New PLANT journals (yay!)

Until this item, the last launch of a new plant journal I shared with you was for the august publication Nature Plants (although in its 3rd year of publication, it still awaits an Impact Factor. Will it get one before before such metrics are considered dead? Nigel wrote this quite a bit in advance, Jeffrey Ross-Ibarra has pointed out that Nature Plants does have an Impact factor now /Alun). Now, two more academic journals can be added to the list of plant-based periodicals.

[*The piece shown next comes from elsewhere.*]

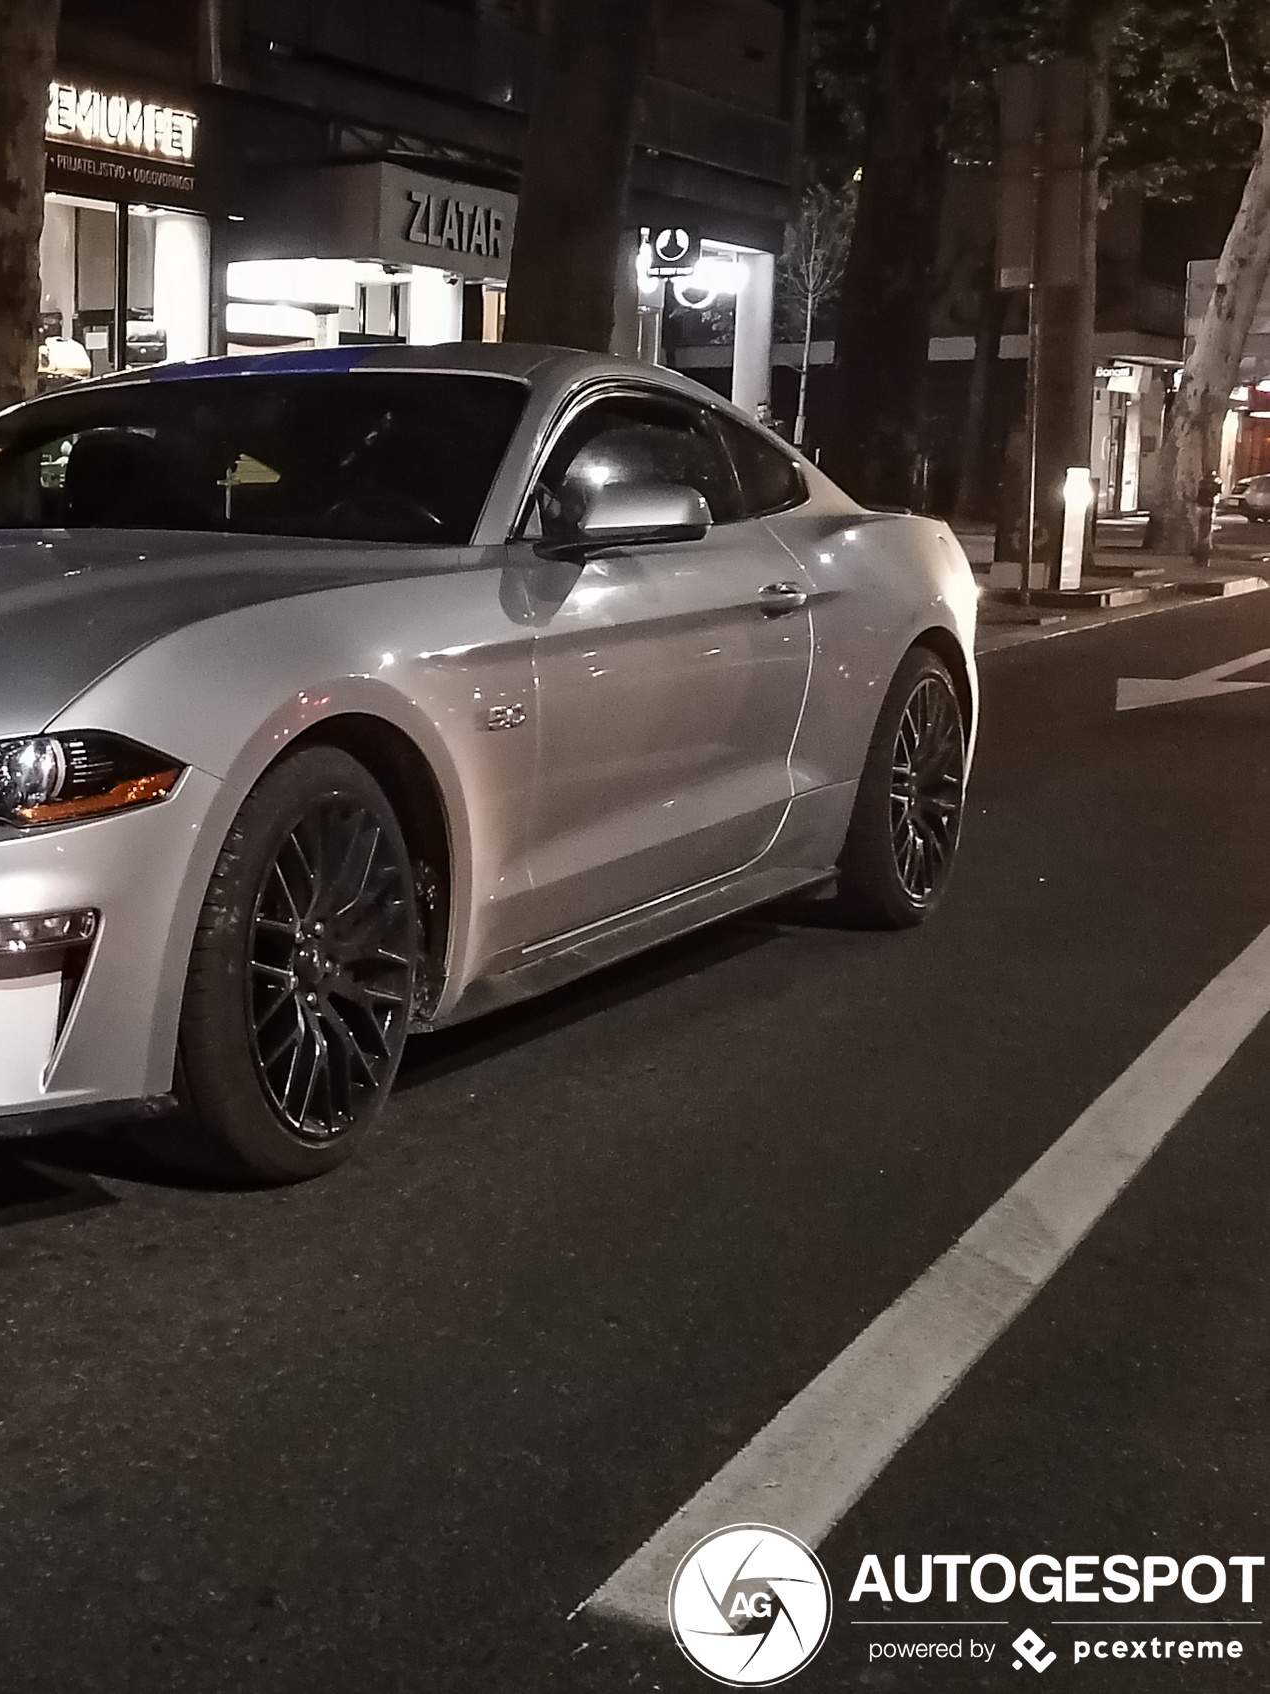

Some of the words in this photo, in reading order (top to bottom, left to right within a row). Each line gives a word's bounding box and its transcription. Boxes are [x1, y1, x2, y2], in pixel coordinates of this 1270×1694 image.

First is Plant Direct, which is open access [i.e. it’s free to read and download the articles, but a fee is charged to publish your article in the journal…] and covers such topics as genetics, biochemistry, development, cell biology, biotic stress, abiotic stress, genomics, phenomics, bioinformatics, physiology, molecular biology, and evolution. In determining the publication-worthiness of a manuscript it intends to apply the test of “sound science”, i.e. NOT on the basis of novelty or impact of the paper. This is refreshing, and arguably a more egalitarian approach than that of those novelty-fixated journals. And, in a plant-community-inclusive way,  the plant science community was invited to contribute ideas to shape the editorial policies of the journal. You can read  Plant Direct‘s first article(s) here.

Plant Direct is published by Wiley in collaboration with the Society for Experimental Biology (SEB, which publishes plant-based journals The Plant Journal, Journal of Experimental Botany, and the Plant Biotechnology Journal) and the American Society of Plant Biologists (ASPB, which already publishes high profile botanical journals The Plant Cell and Plant Physiology).

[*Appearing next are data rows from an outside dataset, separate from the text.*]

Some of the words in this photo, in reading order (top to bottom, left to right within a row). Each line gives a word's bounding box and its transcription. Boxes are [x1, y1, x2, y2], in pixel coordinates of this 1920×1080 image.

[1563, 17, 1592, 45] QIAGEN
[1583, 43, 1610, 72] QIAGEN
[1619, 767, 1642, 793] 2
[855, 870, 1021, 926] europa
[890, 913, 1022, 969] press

The second new arrival is Phytobiomes Journal, another open-access journal, published by The American Phytopathological Society (APS, which also publishes Phytopathology, plant disease, and Molecular Plant-Microbe Interactions (MPMI). Phytobiomes Journal is a “transdisciplinary journal of original research on organisms and communities interacting with plants in any ecosystem. It includes the fundamental to translational work of scientists in the areas of microbiology, virology, nutrient cycling, climate change, ecology, agronomy, entomology, computational biology, nematology, plant pathology, and more.”

Phytobiomes Journal is the research publishing facet of the phytobiomes initiative, whose ‘Roadmap’ “offers a new vision for agriculture in which sustainable crop productivity is achieved through a systems-level understanding of diverse interacting components”. This holistic approach and mission is further supported by the Phytobiome Alliance, “an industry-academic collaborative initiative focused on building a phytobiome-based foundation for accelerating the sustainable production of food, feed, and fiber [sic.]”. Life-affirming, planet-sustaining ideals – which are sorely needed in a Paris-depauperate, post-Trump world.

More plant journals can surely only be good news for Botany (and for our plant-dependent people and planet…), and we wish Plant Direct and Phytobiomes Journal well.

 

[Ed. – From two newly-created journals to an old and venerable one that will be celebrating its 200th anniversary in 2018. Marking that historic landmark, publisher Elsevier has made all content in Flora free access until March 2020.]

 

Image credits: Plant Direct cover, Phytobiomes Journal cover.

4 COMMENTS

  1. How the publishing world changes in the weeks between Nigel writing and publication of his blog! Commendably, Springer-Nature has signed the San Francisco Declaration on Research Assessment, DORA, not to promote Impact Factor nor to condone its inappropriate use. Like Annals of Botany, the impact factor is not given prominently by Springer-Nature, and only in the context of other metrics.

  2. hello Nigel
    i’m Tim in AUSTRALIA
    My apologies for this comment is off topic although relating to a Science Direct paper in AOB this month.
    I read the article in AOB about Phytoliths in Mulberry leaf being opal Silicon deposits with an unknown purpose.

    Opal is amorphous Si naturally and yet opal is optically refractive and diffracts light through the spaces between Si spheres of various dimensions, within the amorphous plasma.

    Si spheres form arrays and each size present in opal determines a color visible to an observer in an opal display.
    Spheres of larger diameter reflect red and smaller ones reflect green and so forth.
    A feasible clue naturally is these dimensions of Si spheres inside the phytoliths to estimate which colors are in use.
    .
    My intuition about the purpose of foliage phytoliths is to expect that these opals disperse sunlight through leaf tissues.
    Phytoliths probably have a deliberate role to amplify available Sunlight in temperate climatic regions where deciduous trees usually exist.

    Notwithstanding the objective point made in the article regarding Si as an essential nutrient of Silk worms.
    This factor of the utility of phytoliths in the mono-diet of the specifically Mulberry-leaf herbivorous Arthropod,
    could be secondary; if Silk Worms evolved subsequently as a result of Mulberry leaf having Silicon content.

  3. Hello Nigel
    thanks for this article it is good news and exciting to learn now the journal ‘Flora’ is open access at Elsevier.